How dynamic are structural and compositional changes at different scales? An example from the strictly protected forests of Roztocze National Park in Poland

Srdjan Keren; Wojciech Ochał; Zbigniew Maciejewski

doi:10.15287/afr.2025.3845

Authors

Srdjan Keren Faculty of Forestry, University of Agriculture in Krakow
Wojciech Ochał Faculty of Forestry, University of Agriculture in Krakow, Poland
Zbigniew Maciejewski Roztocze National Park, Poland

DOI:

https://doi.org/10.15287/afr.2025.3845

Keywords:

forest dynamics, fine-scale patches, basal area trajectories, primary forests

Abstract

In certain instances, forest managers are expected to emulate the structural patterns and disturbance regimes of primary forests. In this context, the forest cycle theory, established during the 20th century and widely adopted by many forest researchers and practitioners with little or no critique, suggests that particular patches (groups of trees) within an old-growth stand develop unidirectionally, progressing through stages from regeneration and initial growth to optimal and, finally, breakdown stage. However, due to the lack of long-term observations with detailed tree position data, little research has been conducted on this subject.

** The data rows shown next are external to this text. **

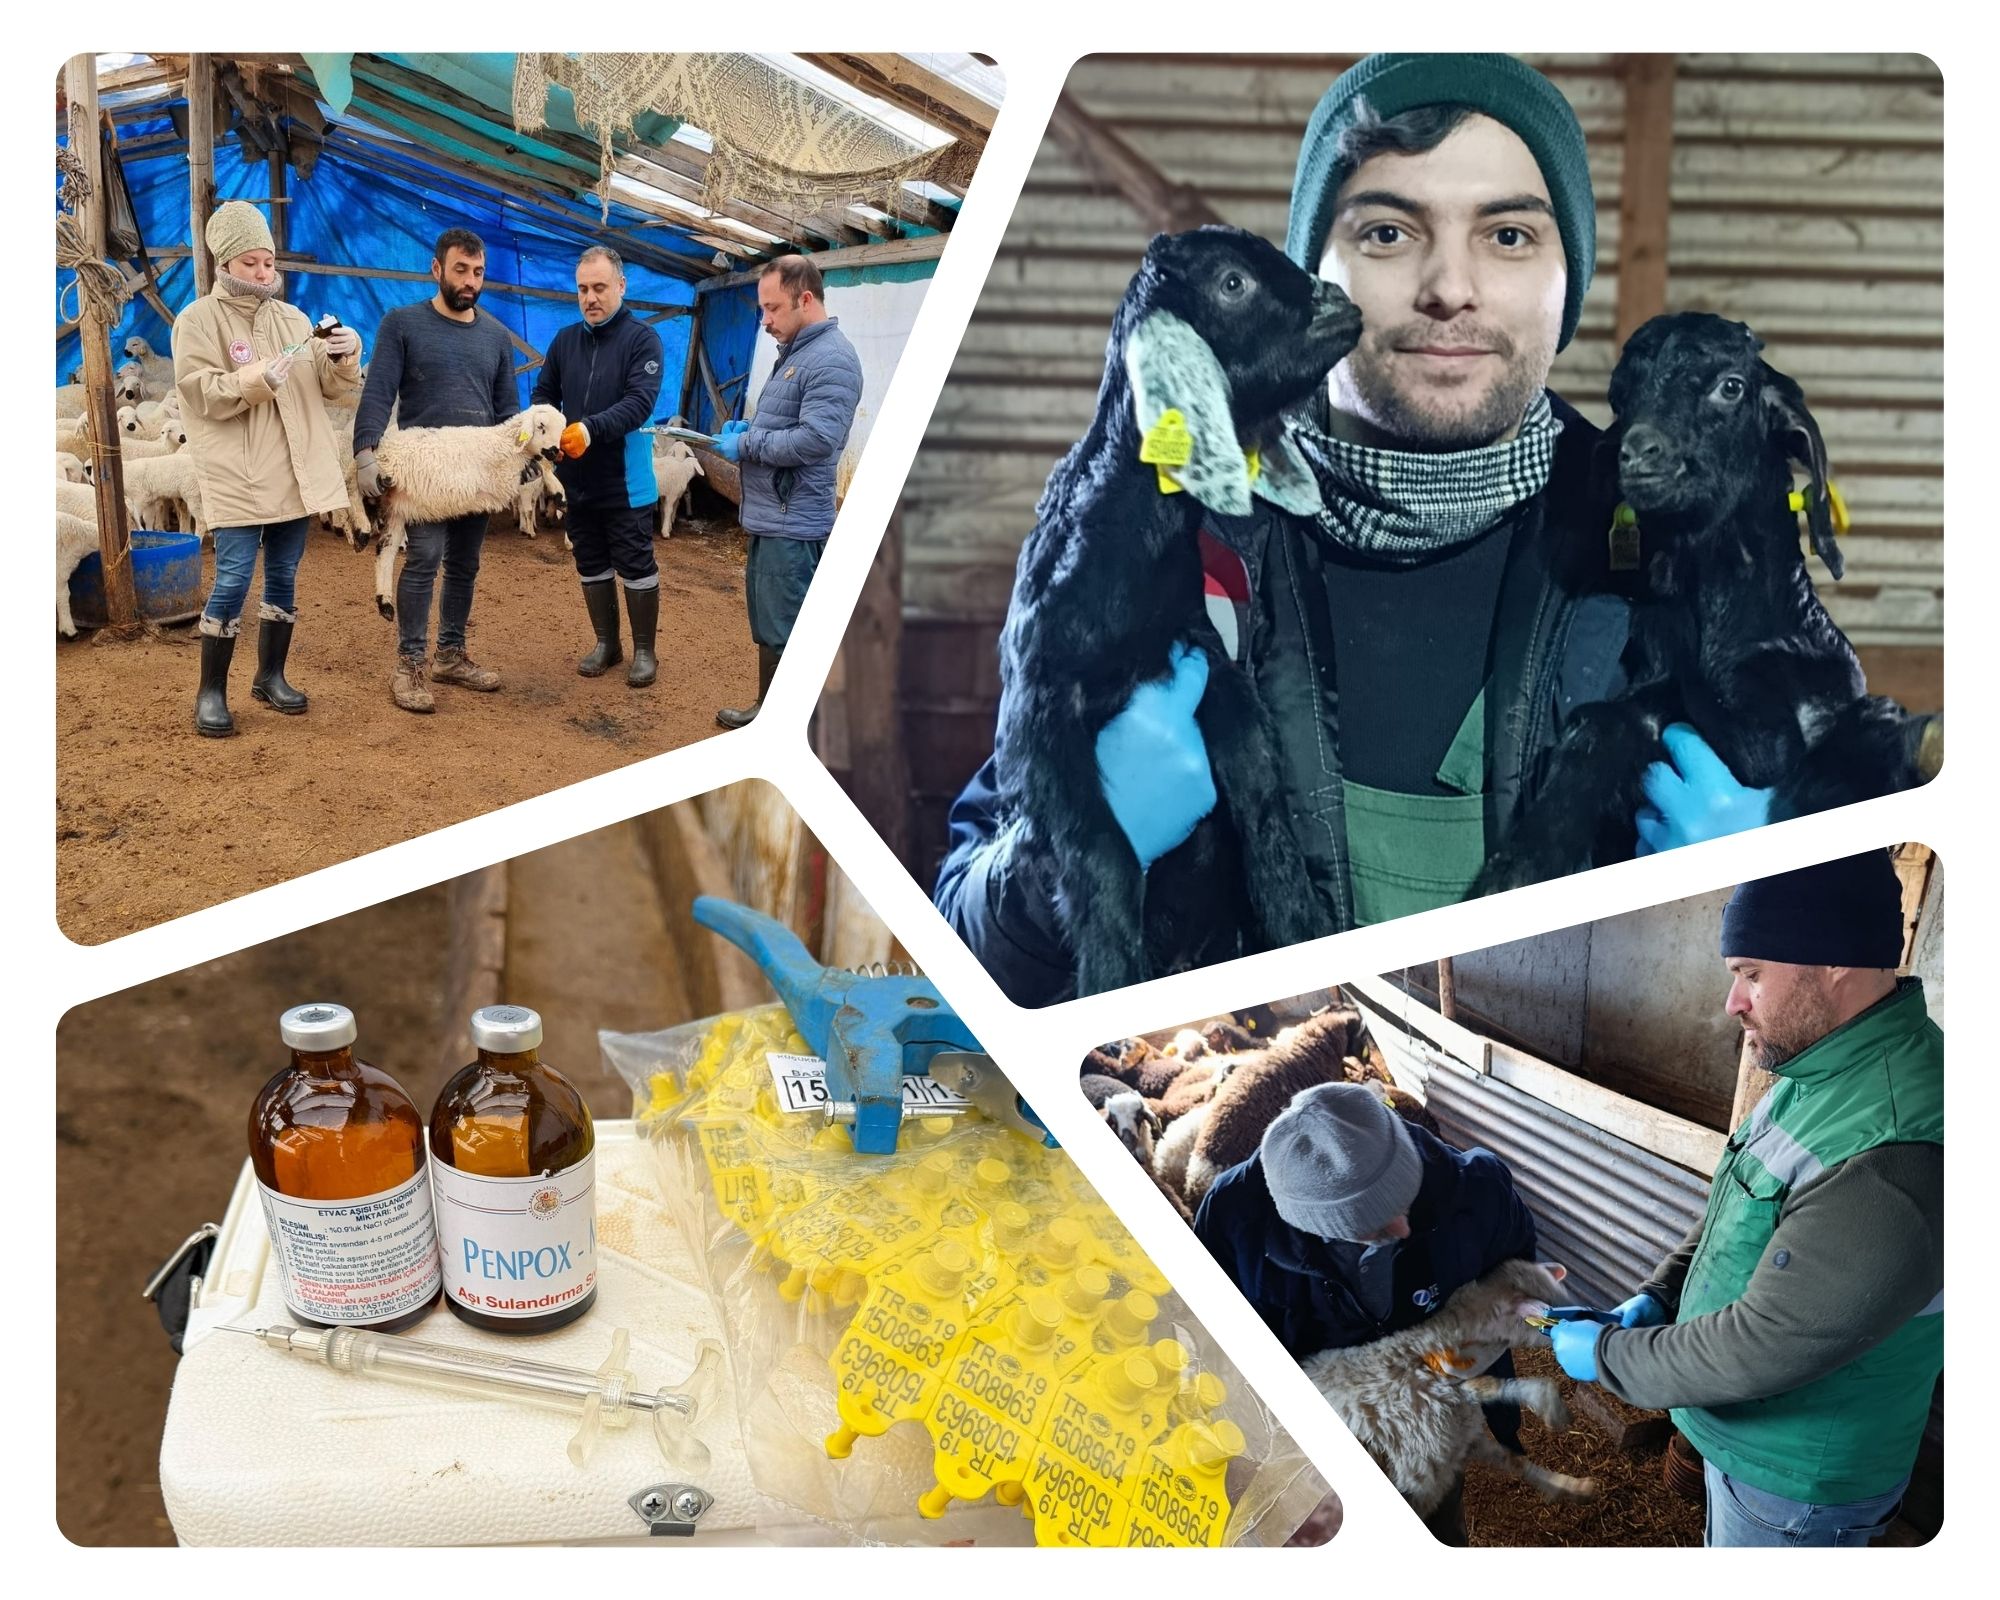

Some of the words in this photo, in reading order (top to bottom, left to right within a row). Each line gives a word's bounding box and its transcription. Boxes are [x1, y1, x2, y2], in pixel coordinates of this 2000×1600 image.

[393, 1203, 405, 1212] 100
[463, 1237, 572, 1281] PENPOX
[458, 1286, 481, 1306] Aşı
[485, 1284, 583, 1310] Sulandırma
[880, 1284, 906, 1314] TR
[934, 1318, 957, 1341] 19
[863, 1305, 945, 1369] 1508963
[972, 1336, 997, 1368] TR
[1025, 1371, 1047, 1396] 19
[841, 1338, 926, 1405] 1508963
[842, 1372, 864, 1396] 19
[871, 1388, 899, 1419] TR
[956, 1358, 1037, 1426] 1508963
[936, 1393, 1020, 1465] 1508963
[939, 1431, 961, 1457] 19
[969, 1447, 995, 1481] TR
[1051, 1415, 1127, 1489] 1508964
[1063, 1392, 1088, 1425] TR
[1114, 1431, 1136, 1457] 19
[1033, 1452, 1113, 1530] 1508964
[1038, 1493, 1059, 1520] 19
[1067, 1511, 1092, 1546] TR
[1141, 1477, 1211, 1547] 1508964
[1151, 1454, 1174, 1488] TR
[1200, 1495, 1219, 1521] 19

Our study focused on proxy small-scale spatial dynamics based on patches of living trees for which exact positions and diameters were recorded from 1993 to 2023. First, we analyzed changes at the stand level in terms of diameter distributions and tree species composition over three decades. The distributions of European beech and silver fir remained relatively stable, while the cumulative distribution changed significantly due to a noticeable decrease in young trees of minor species. Secondly, we investigated the dynamics of basal area (BA) changes at the sub-stand level on small patches ranging from 0.01 ha to 0.0625 ha for each decade and over the entire observation period. At the decadal level, the values of Clark-Evans index indicated spatially random single-tree mortality as the predominant disturbance pattern. However, over a longer period, some of these small disturbances repeatedly occurred and concentrated at the same microlocations within the forest, which eventually resulted in spatially aggregated losses of BA by the end of the observation period. Another important finding from this study was that patches with non-directional BA dynamics were more common than those with continual positive BA accretion and/or continual negative BA trajectories. This finding significantly challenges the premises of unidirectional patch development.

References

Buchwald E., 2005. A hierarchical terminology for more or less natural forests in relation to sustainable management and biodiversity conservation. In Proceedings: Third expert meeting on harmonizing forest-related definitions for use by various stakeholders. FAO.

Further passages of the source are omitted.